As part of my research here, I've been looking into lifespan and learning that there is little international consensus. Apparently the longest unambiguously documented lifespan is that of Jeanne Calment of France (1875–1997), who died aged 122 and a half years of age. The next ten longest authenticated lives range from 116 years to 120 - five from the United States, three from Japan, one from Ecuador and the Canadian Marie-Louise Meilleur. Meilleur was 117 years old when she died in Ontario in 1998, then considered the oldest living person on the planet.
There are many claims to longer lives, but The Guinness World Records consider them unsubstantiated. Ma Pampo of the Dominican was said to have been 128 at the time of her death in 2003, but the documentation has been called into question.
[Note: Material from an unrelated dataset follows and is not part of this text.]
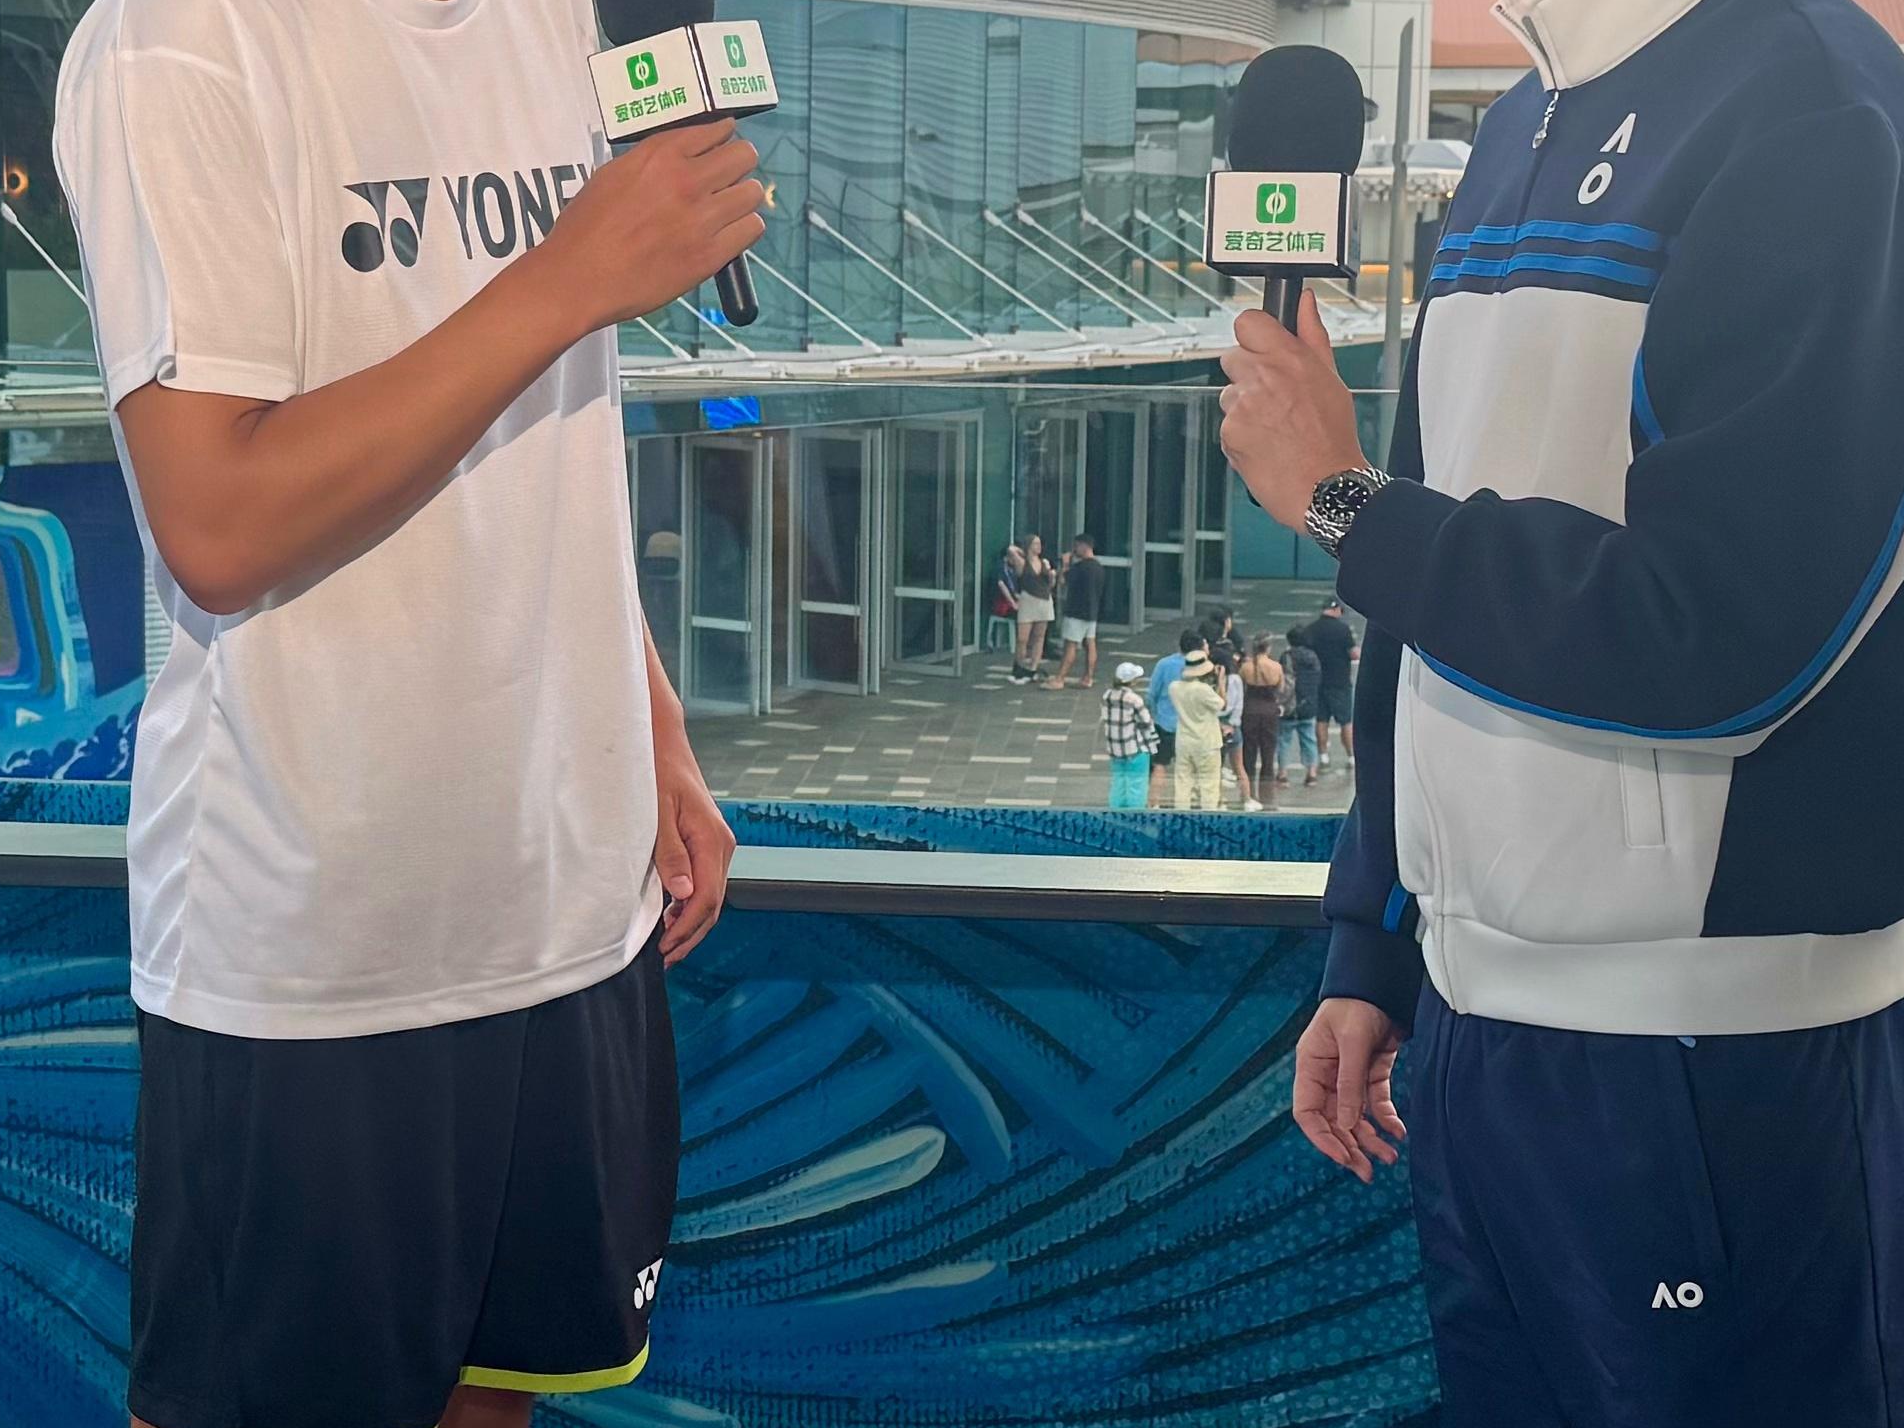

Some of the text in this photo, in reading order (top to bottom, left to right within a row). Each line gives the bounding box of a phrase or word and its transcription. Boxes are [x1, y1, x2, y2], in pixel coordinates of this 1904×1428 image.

Today it was announced that Habib Mian of India died Tuesday morning after a brief illness. He was reportedly 138 years old. Mian was recognized as the oldest living man in the Limca Book of World Records 2005 edition, but the Guinness Book of Records claim this cannot be verified. He is pictured above, on his last birthday.
The oldest living animal is a clam found less than a year ago in 80-metre-deep water off of Iceland. Researchers determined that the ocean quahog (Arctica islandica) was 405 years old, besting the previous record (by the same species) of 220. The oldest living thing is a Norway Spruce (Picea abies) tree in the mountains separating Norway and Sweden, thought to be 8 000 years old.